Would you transcribe the listing that follows, character for character, and omit its images?

Exercise input:

+++

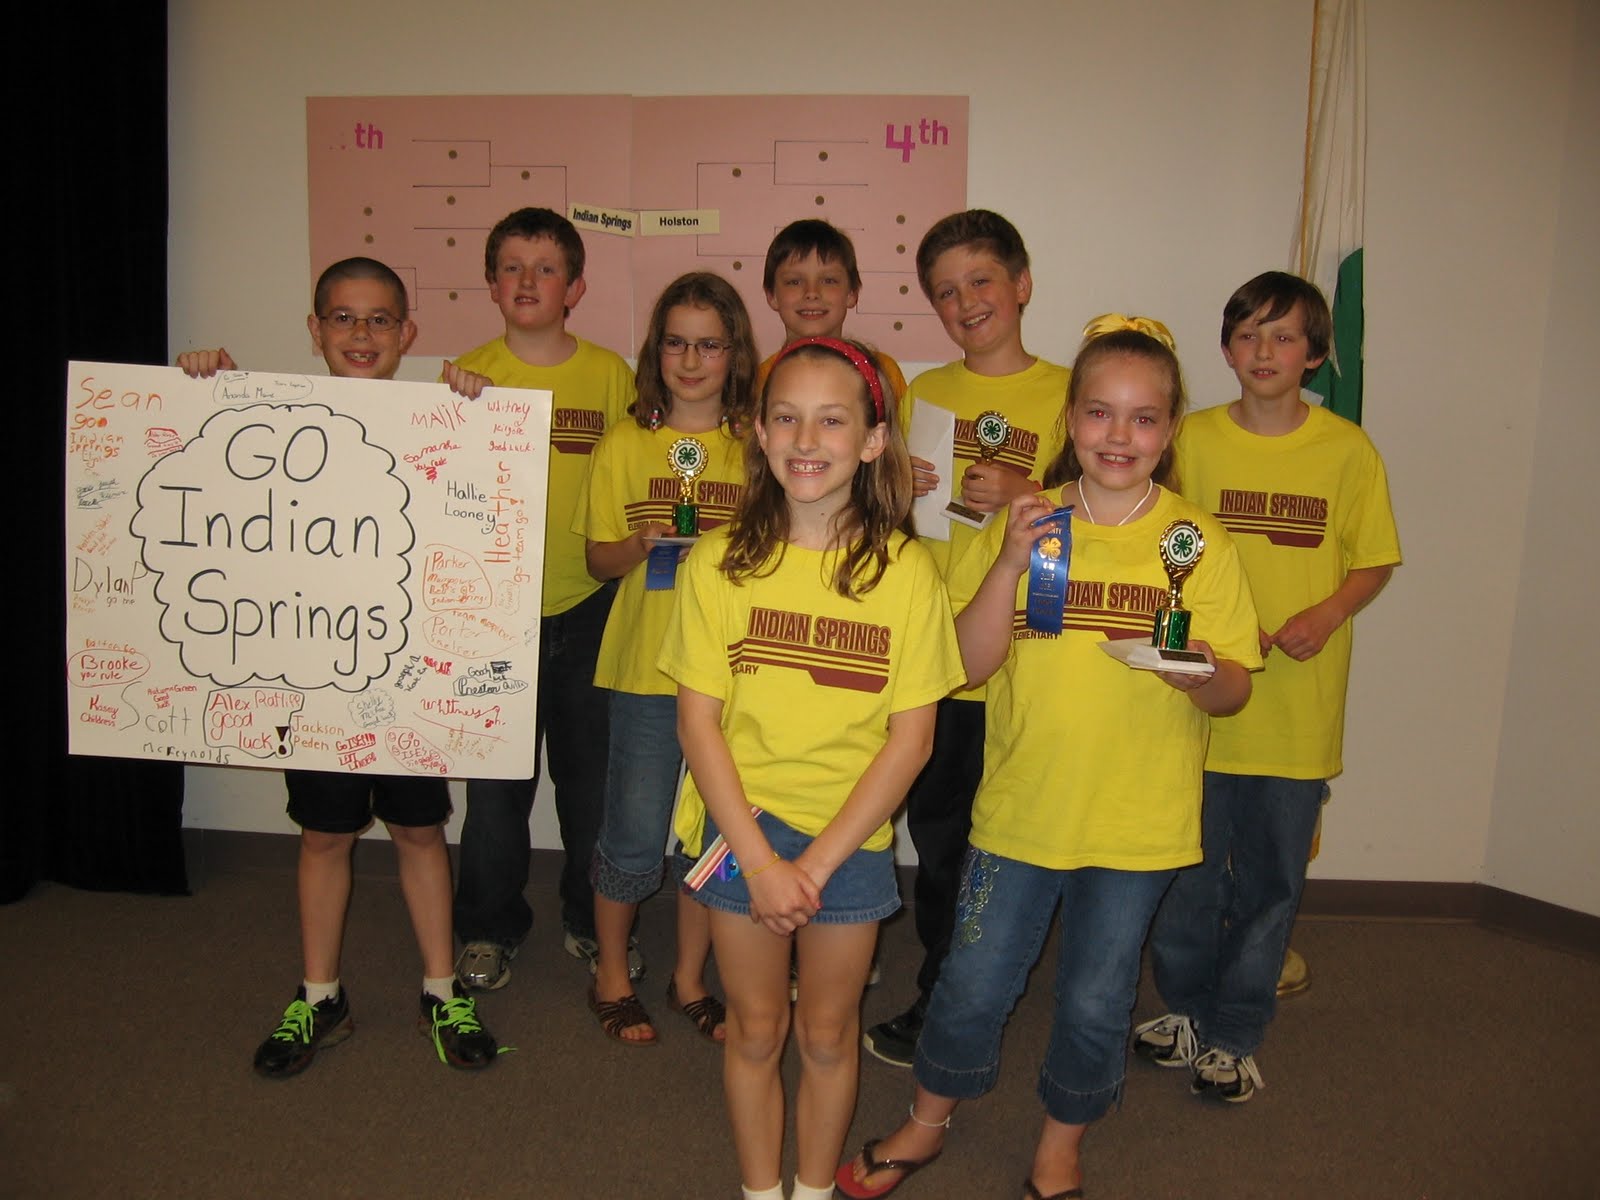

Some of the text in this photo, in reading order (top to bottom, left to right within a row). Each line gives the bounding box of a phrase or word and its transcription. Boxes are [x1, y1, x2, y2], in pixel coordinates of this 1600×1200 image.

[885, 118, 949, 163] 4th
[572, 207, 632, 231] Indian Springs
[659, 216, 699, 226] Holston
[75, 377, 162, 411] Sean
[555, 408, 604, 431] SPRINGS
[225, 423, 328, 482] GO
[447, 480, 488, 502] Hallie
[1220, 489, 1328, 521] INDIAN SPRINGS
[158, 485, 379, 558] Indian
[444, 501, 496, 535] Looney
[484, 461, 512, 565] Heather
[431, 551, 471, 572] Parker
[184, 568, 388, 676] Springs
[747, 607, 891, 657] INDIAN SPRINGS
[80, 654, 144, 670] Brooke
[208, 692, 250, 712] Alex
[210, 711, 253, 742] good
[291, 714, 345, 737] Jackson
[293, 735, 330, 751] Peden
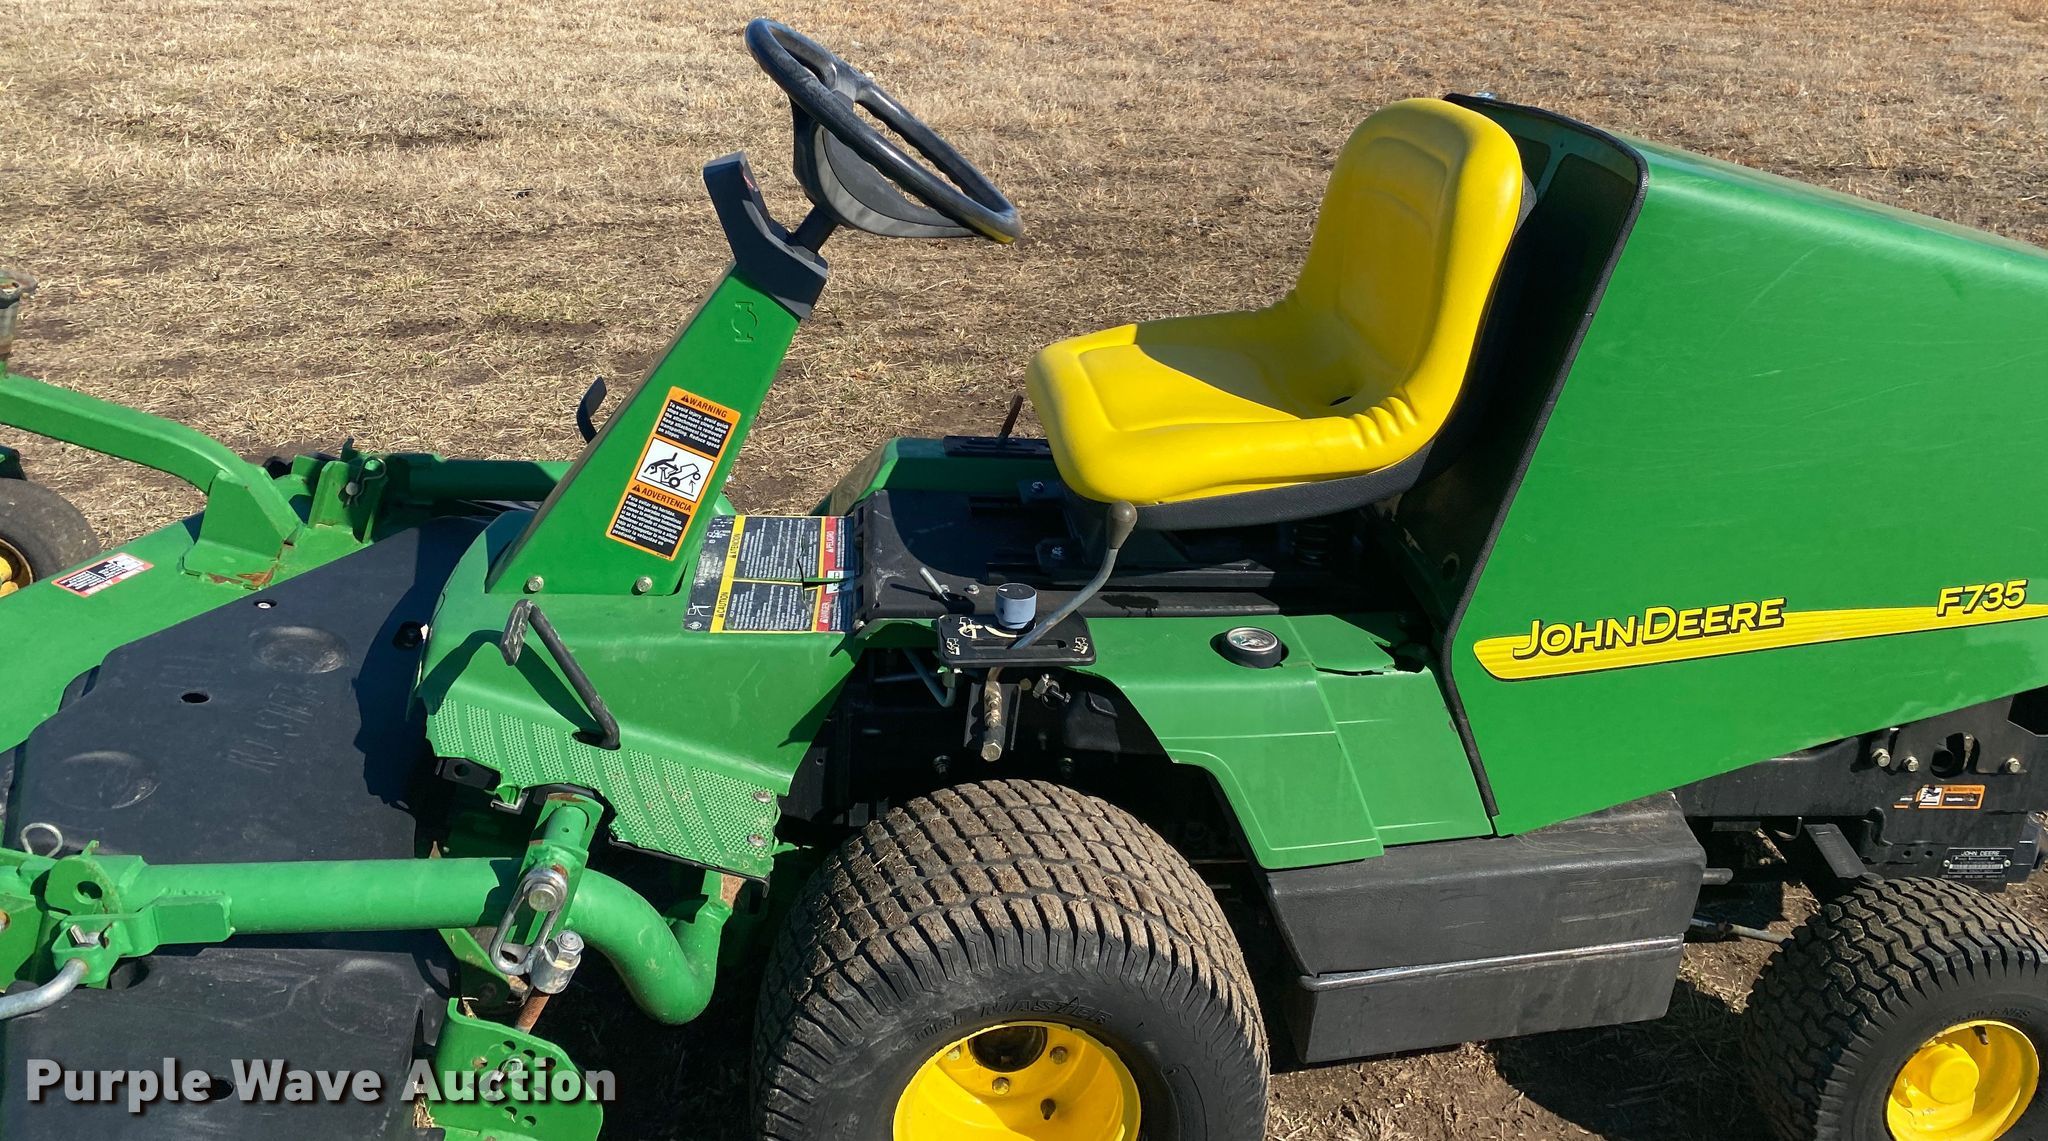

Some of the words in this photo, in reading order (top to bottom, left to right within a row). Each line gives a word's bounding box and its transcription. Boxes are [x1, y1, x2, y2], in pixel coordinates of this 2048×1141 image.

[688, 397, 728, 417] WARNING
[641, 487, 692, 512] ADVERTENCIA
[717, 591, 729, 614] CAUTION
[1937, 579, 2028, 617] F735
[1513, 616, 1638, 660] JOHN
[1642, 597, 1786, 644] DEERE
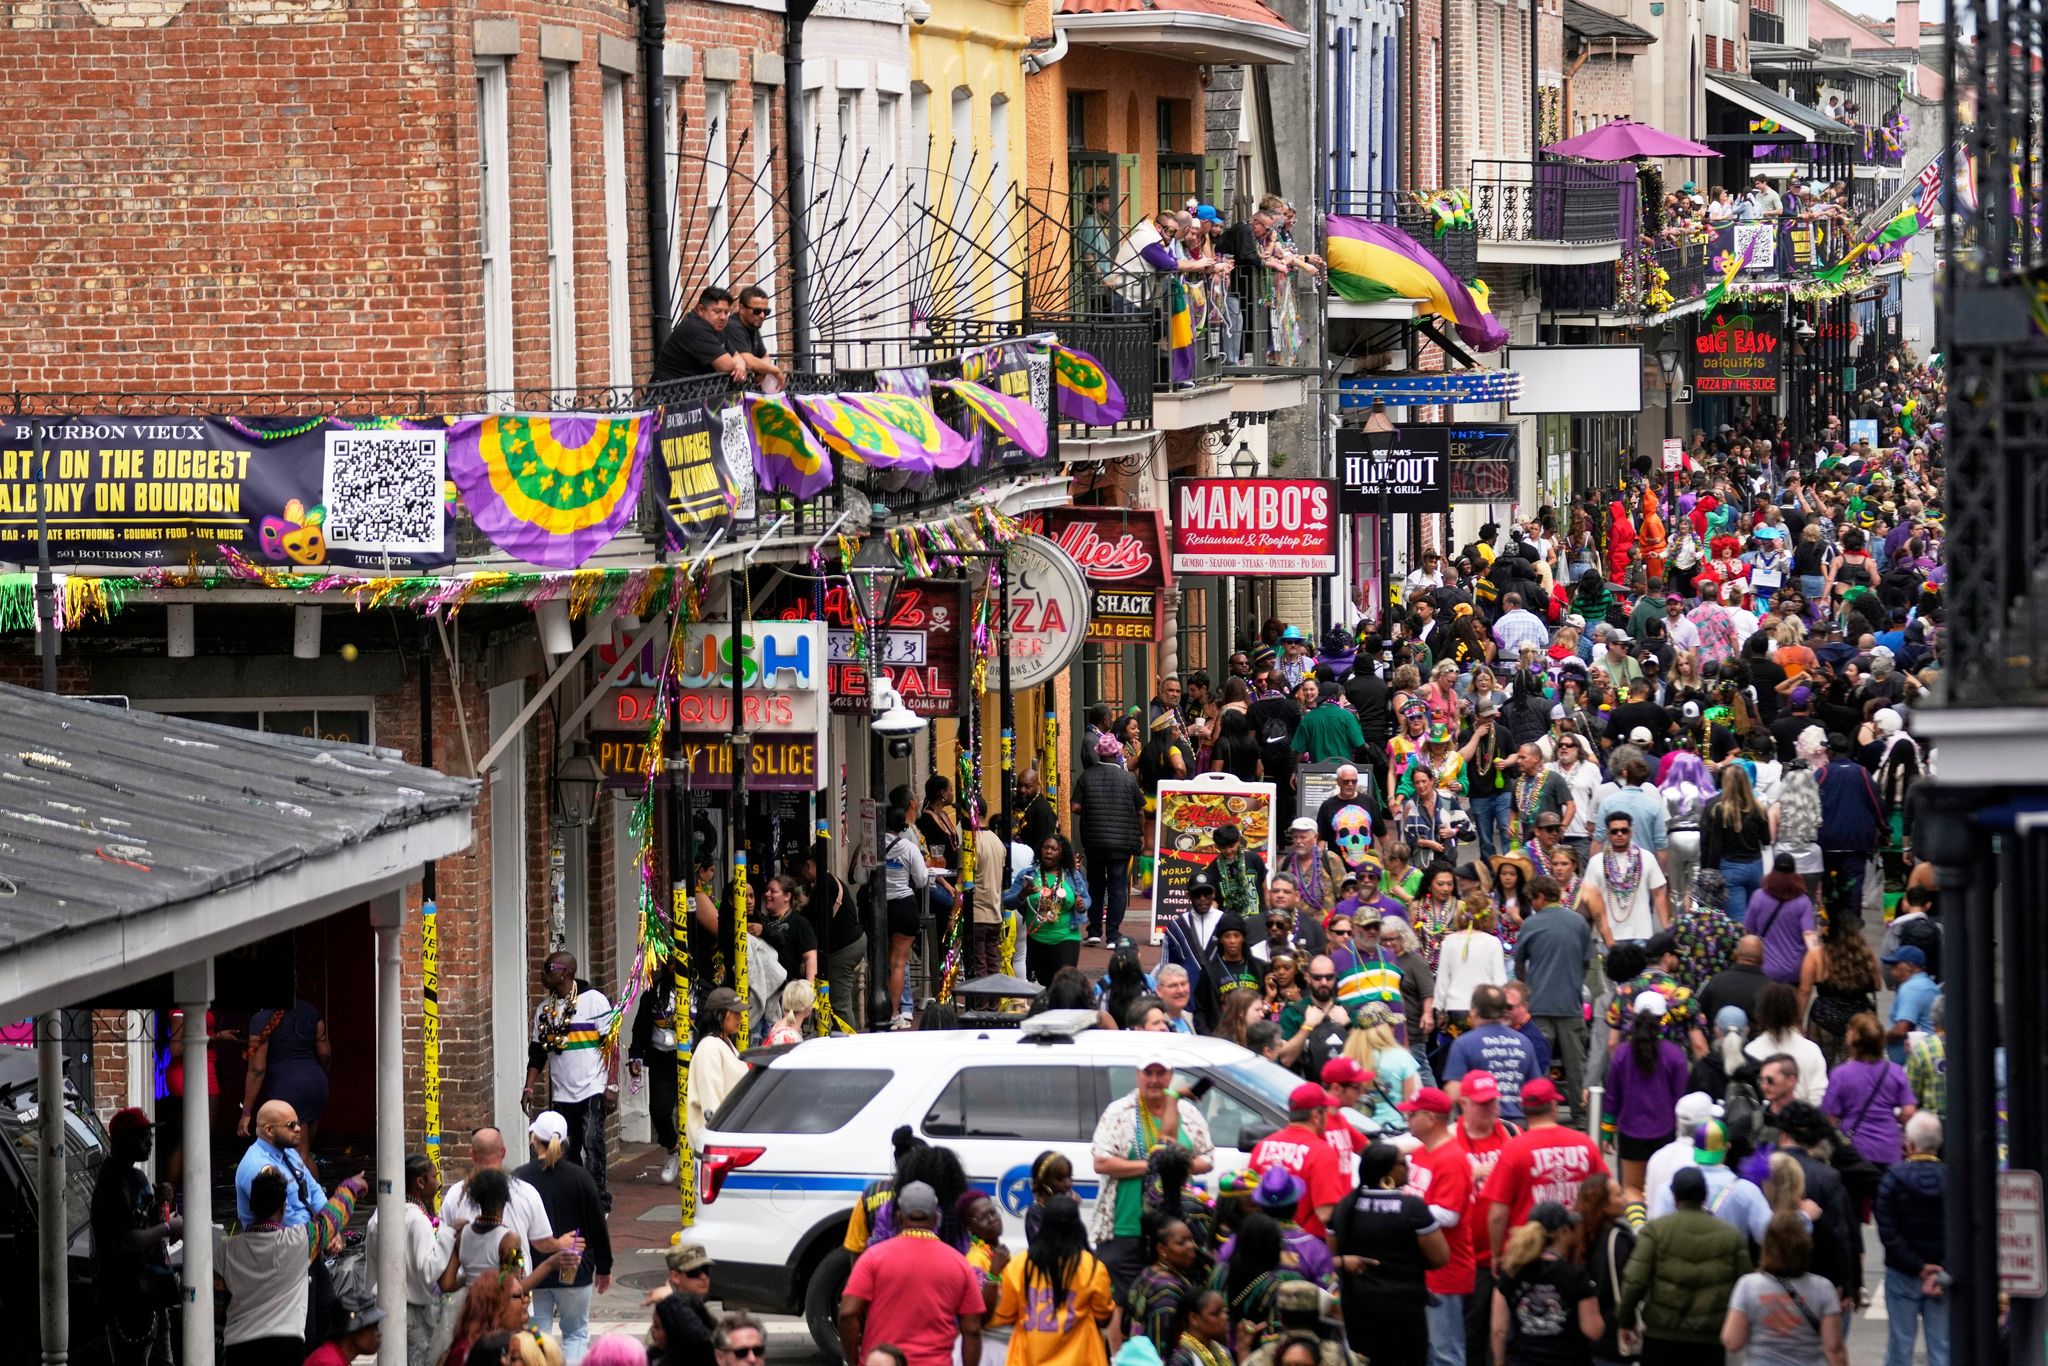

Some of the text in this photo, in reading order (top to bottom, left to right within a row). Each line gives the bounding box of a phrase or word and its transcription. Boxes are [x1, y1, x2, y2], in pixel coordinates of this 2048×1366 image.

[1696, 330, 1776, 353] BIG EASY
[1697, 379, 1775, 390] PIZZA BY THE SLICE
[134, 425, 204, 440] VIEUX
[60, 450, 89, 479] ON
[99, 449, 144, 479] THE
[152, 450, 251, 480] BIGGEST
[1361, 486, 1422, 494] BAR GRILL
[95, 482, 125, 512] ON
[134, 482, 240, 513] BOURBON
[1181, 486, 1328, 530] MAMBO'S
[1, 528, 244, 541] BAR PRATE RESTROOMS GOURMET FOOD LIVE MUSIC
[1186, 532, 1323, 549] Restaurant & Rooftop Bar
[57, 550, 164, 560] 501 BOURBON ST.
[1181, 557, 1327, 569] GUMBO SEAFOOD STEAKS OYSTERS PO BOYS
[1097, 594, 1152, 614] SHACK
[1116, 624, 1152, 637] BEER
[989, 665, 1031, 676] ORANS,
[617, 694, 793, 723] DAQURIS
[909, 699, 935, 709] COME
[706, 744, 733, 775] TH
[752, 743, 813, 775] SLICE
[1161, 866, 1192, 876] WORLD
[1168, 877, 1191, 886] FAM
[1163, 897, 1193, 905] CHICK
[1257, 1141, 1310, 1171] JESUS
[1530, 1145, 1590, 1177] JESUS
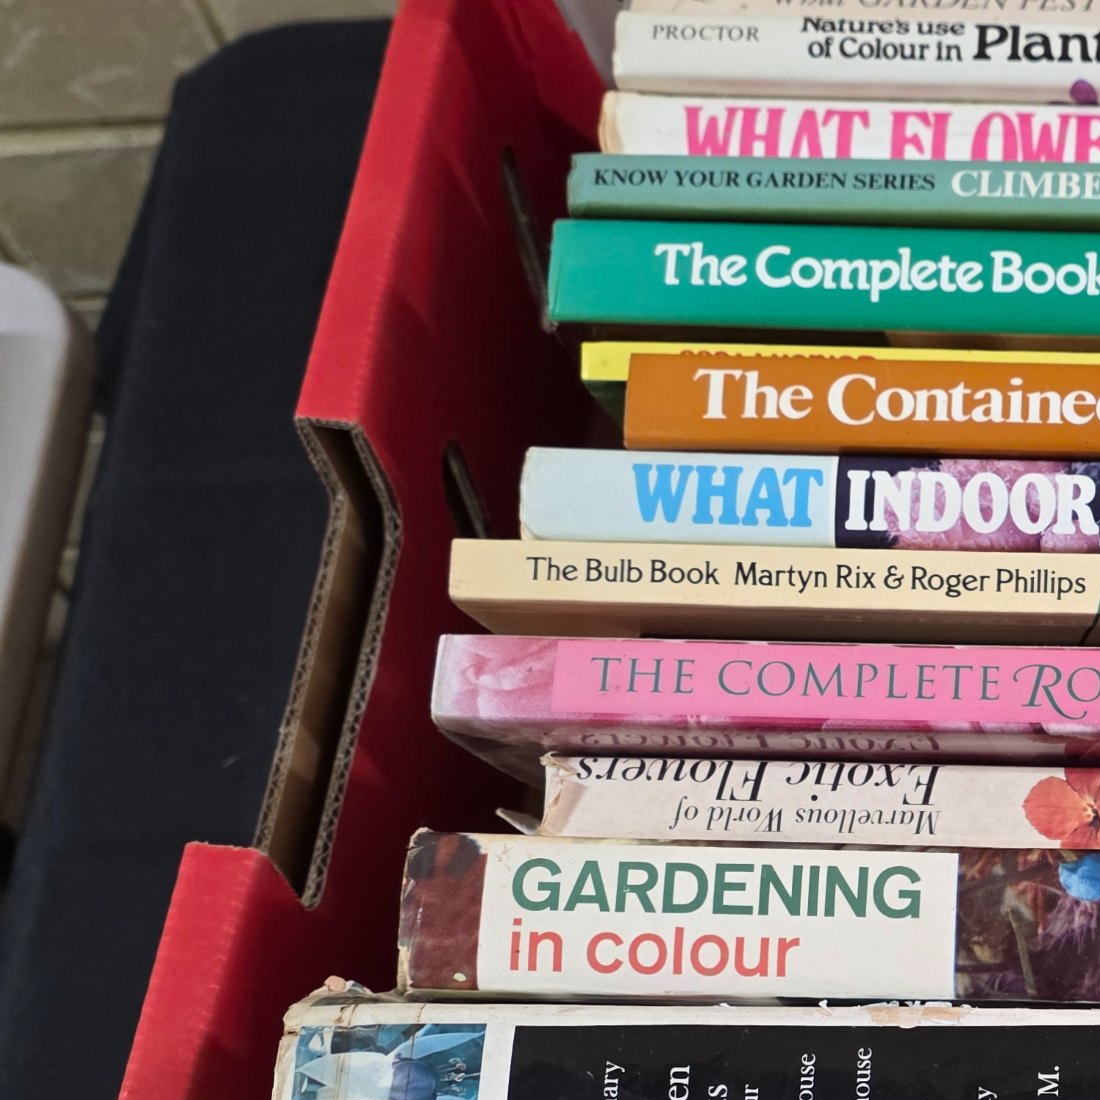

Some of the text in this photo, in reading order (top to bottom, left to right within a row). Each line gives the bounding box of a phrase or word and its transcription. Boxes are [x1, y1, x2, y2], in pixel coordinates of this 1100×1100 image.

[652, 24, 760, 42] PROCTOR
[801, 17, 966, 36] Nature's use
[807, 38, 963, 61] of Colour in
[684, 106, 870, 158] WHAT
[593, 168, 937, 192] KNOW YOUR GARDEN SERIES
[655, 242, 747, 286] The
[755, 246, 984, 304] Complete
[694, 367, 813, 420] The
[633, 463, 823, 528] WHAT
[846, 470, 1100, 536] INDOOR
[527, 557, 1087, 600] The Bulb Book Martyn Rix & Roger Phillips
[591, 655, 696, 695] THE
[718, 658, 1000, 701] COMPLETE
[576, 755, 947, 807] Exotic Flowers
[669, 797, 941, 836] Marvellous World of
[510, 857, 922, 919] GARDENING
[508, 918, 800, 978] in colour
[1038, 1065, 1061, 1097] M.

+++

The completed task:
Some of the text in this photo, in reading order (top to bottom, left to right within a row). Each line gives the bounding box of a phrase or word and its transcription. Boxes are [x1, y1, x2, y2], in pixel coordinates of this 1600×1200 image.

[885, 118, 949, 163] 4th
[572, 207, 632, 231] Indian Springs
[659, 216, 699, 226] Holston
[75, 377, 162, 411] Sean
[555, 408, 604, 431] SPRINGS
[225, 423, 328, 482] GO
[447, 480, 488, 502] Hallie
[1220, 489, 1328, 521] INDIAN SPRINGS
[158, 485, 379, 558] Indian
[444, 501, 496, 535] Looney
[484, 461, 512, 565] Heather
[431, 551, 471, 572] Parker
[184, 568, 388, 676] Springs
[747, 607, 891, 657] INDIAN SPRINGS
[80, 654, 144, 670] Brooke
[208, 692, 250, 712] Alex
[210, 711, 253, 742] good
[291, 714, 345, 737] Jackson
[293, 735, 330, 751] Peden

Some of the words in this photo, in reading order (top to bottom, left to right within a row). Each line gives a word's bounding box and its transcription. Boxes are [x1, y1, x2, y2], in pixel coordinates of this 2048×1141 image.

[688, 397, 728, 417] WARNING
[641, 487, 692, 512] ADVERTENCIA
[717, 591, 729, 614] CAUTION
[1937, 579, 2028, 617] F735
[1513, 616, 1638, 660] JOHN
[1642, 597, 1786, 644] DEERE

Some of the text in this photo, in reading order (top to bottom, left to right within a row). Each line gives the bounding box of a phrase or word and its transcription. Boxes are [x1, y1, x2, y2], in pixel coordinates of this 2048×1366 image.

[1696, 330, 1776, 353] BIG EASY
[1697, 379, 1775, 390] PIZZA BY THE SLICE
[134, 425, 204, 440] VIEUX
[60, 450, 89, 479] ON
[99, 449, 144, 479] THE
[152, 450, 251, 480] BIGGEST
[1361, 486, 1422, 494] BAR GRILL
[95, 482, 125, 512] ON
[134, 482, 240, 513] BOURBON
[1181, 486, 1328, 530] MAMBO'S
[1, 528, 244, 541] BAR PRATE RESTROOMS GOURMET FOOD LIVE MUSIC
[1186, 532, 1323, 549] Restaurant & Rooftop Bar
[57, 550, 164, 560] 501 BOURBON ST.
[1181, 557, 1327, 569] GUMBO SEAFOOD STEAKS OYSTERS PO BOYS
[1097, 594, 1152, 614] SHACK
[1116, 624, 1152, 637] BEER
[989, 665, 1031, 676] ORANS,
[617, 694, 793, 723] DAQURIS
[909, 699, 935, 709] COME
[706, 744, 733, 775] TH
[752, 743, 813, 775] SLICE
[1161, 866, 1192, 876] WORLD
[1168, 877, 1191, 886] FAM
[1163, 897, 1193, 905] CHICK
[1257, 1141, 1310, 1171] JESUS
[1530, 1145, 1590, 1177] JESUS

Some of the text in this photo, in reading order (top to bottom, left to right within a row). Each line gives the bounding box of a phrase or word and its transcription. Boxes are [x1, y1, x2, y2], in pixel coordinates of this 1100×1100 image.

[652, 24, 760, 42] PROCTOR
[801, 17, 966, 36] Nature's use
[807, 38, 963, 61] of Colour in
[684, 106, 870, 158] WHAT
[593, 168, 937, 192] KNOW YOUR GARDEN SERIES
[655, 242, 747, 286] The
[755, 246, 984, 304] Complete
[694, 367, 813, 420] The
[633, 463, 823, 528] WHAT
[846, 470, 1100, 536] INDOOR
[527, 557, 1087, 600] The Bulb Book Martyn Rix & Roger Phillips
[591, 655, 696, 695] THE
[718, 658, 1000, 701] COMPLETE
[576, 755, 947, 807] Exotic Flowers
[669, 797, 941, 836] Marvellous World of
[510, 857, 922, 919] GARDENING
[508, 918, 800, 978] in colour
[1038, 1065, 1061, 1097] M.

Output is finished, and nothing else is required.